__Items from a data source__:
###
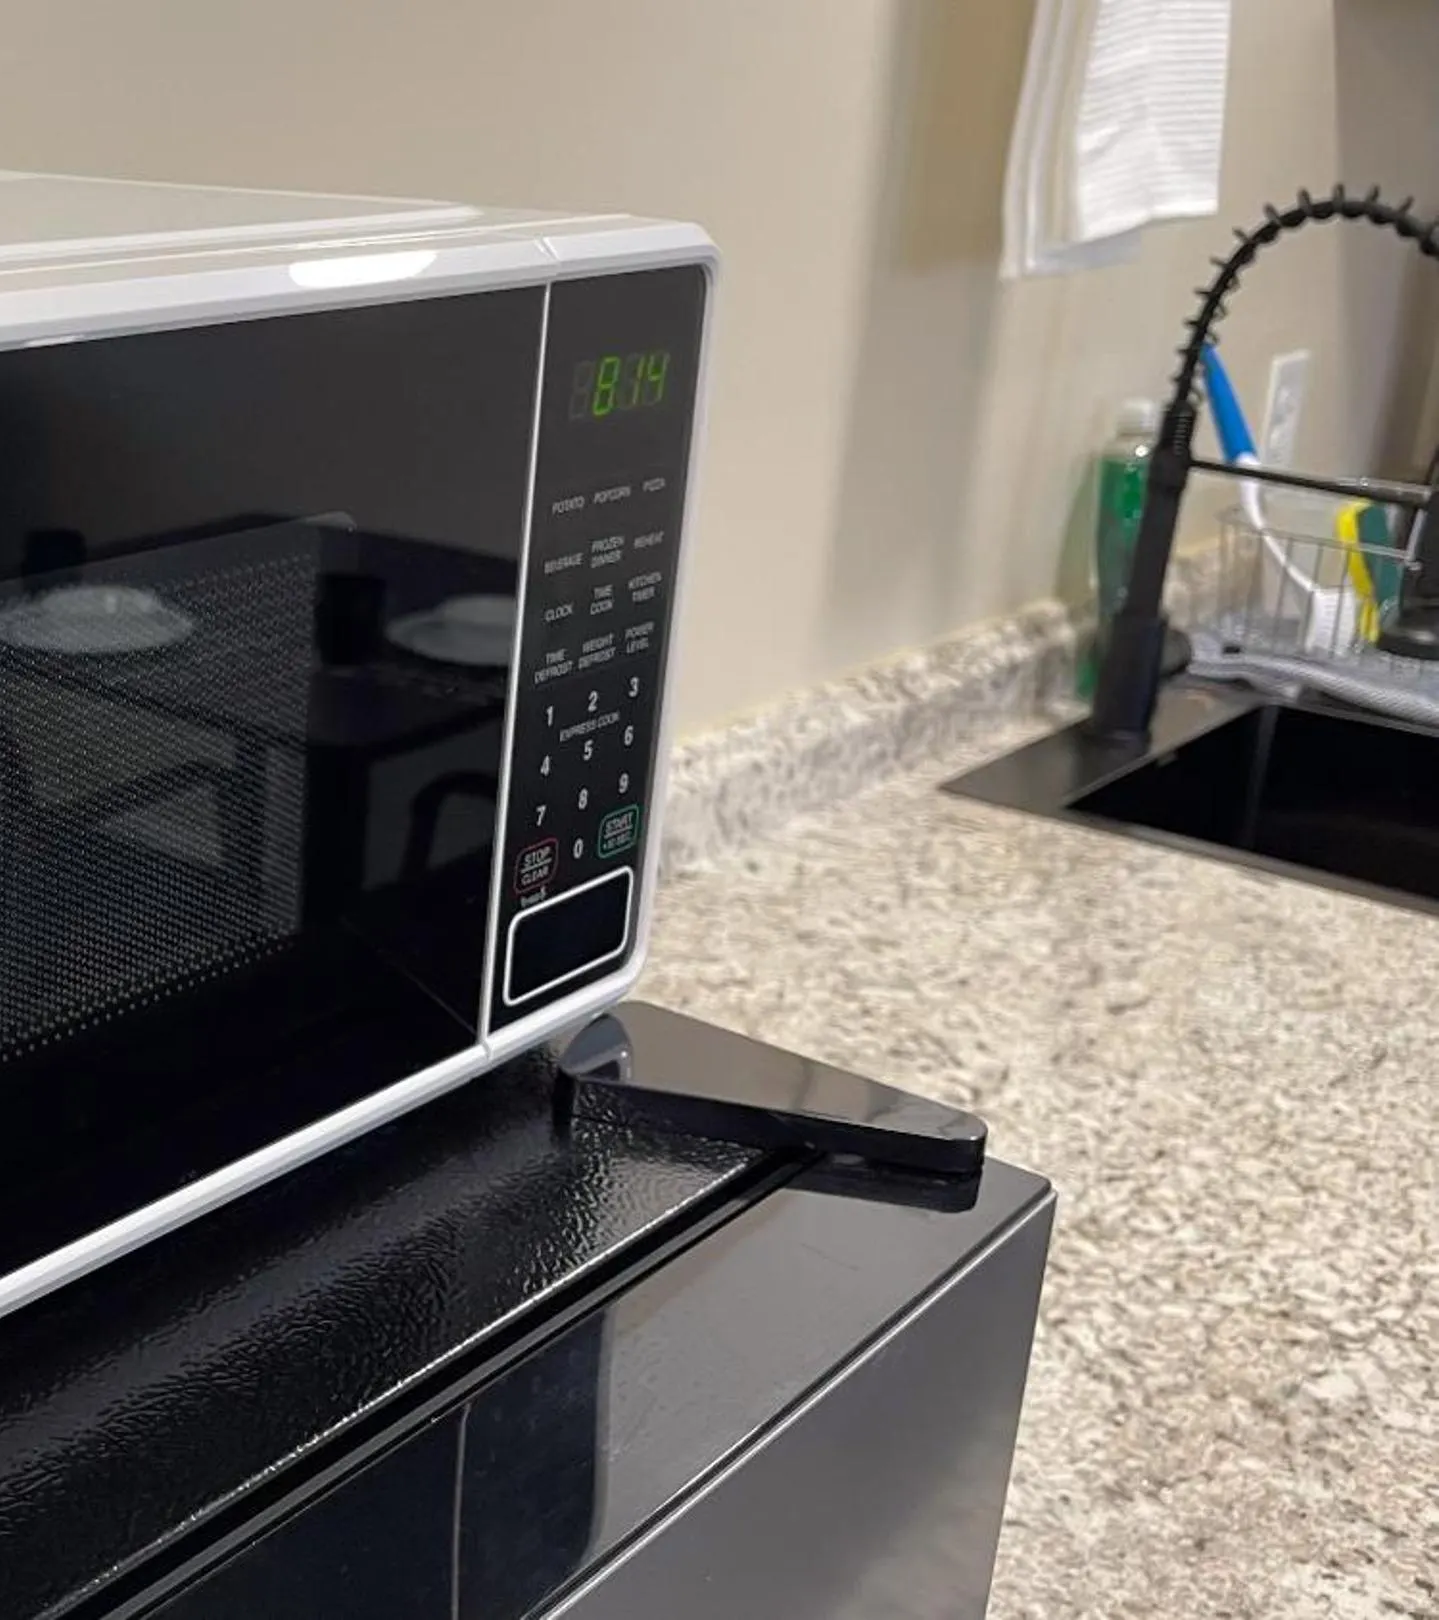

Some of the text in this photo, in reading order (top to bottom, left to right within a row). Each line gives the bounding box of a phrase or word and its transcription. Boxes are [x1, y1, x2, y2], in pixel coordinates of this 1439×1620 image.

[552, 496, 585, 515] POTATO
[594, 486, 631, 504] POPCORN
[591, 536, 624, 552] FROZEN
[628, 572, 662, 589] KITCHEN
[594, 585, 613, 599] TIME
[544, 603, 574, 622] CLOCK
[590, 600, 613, 615] COOK
[625, 622, 655, 639] POWER
[583, 634, 614, 653] WEIGHT
[626, 637, 649, 653] LEVEL
[546, 649, 566, 664] TIME
[578, 647, 616, 669] DEFROST
[535, 660, 574, 684] DEFROST
[628, 676, 640, 698] 3
[588, 690, 599, 712] 2
[546, 705, 555, 727] 1
[560, 711, 620, 743] EXPRESS COOK
[624, 725, 634, 746] 6
[583, 739, 594, 761] 5
[540, 755, 551, 776] 4
[619, 772, 630, 794] 9
[578, 788, 589, 810] 8
[536, 804, 548, 827] 7
[605, 811, 634, 834] START
[524, 846, 552, 868] STOP
[573, 837, 584, 860] 0
[520, 866, 549, 886] CLEAR
###
__EXERCISE PROMPT__:
Transcribe all of the data above exactly; no picture belongs in the copy.

__YOUR RESPONSE__:
Some of the text in this photo, in reading order (top to bottom, left to right within a row). Each line gives the bounding box of a phrase or word and its transcription. Boxes are [x1, y1, x2, y2], in pixel coordinates of this 1439×1620 image.

[552, 496, 585, 515] POTATO
[594, 486, 631, 504] POPCORN
[591, 536, 624, 552] FROZEN
[628, 572, 662, 589] KITCHEN
[594, 585, 613, 599] TIME
[544, 603, 574, 622] CLOCK
[590, 600, 613, 615] COOK
[625, 622, 655, 639] POWER
[583, 634, 614, 653] WEIGHT
[626, 637, 649, 653] LEVEL
[546, 649, 566, 664] TIME
[578, 647, 616, 669] DEFROST
[535, 660, 574, 684] DEFROST
[628, 676, 640, 698] 3
[588, 690, 599, 712] 2
[546, 705, 555, 727] 1
[560, 711, 620, 743] EXPRESS COOK
[624, 725, 634, 746] 6
[583, 739, 594, 761] 5
[540, 755, 551, 776] 4
[619, 772, 630, 794] 9
[578, 788, 589, 810] 8
[536, 804, 548, 827] 7
[605, 811, 634, 834] START
[524, 846, 552, 868] STOP
[573, 837, 584, 860] 0
[520, 866, 549, 886] CLEAR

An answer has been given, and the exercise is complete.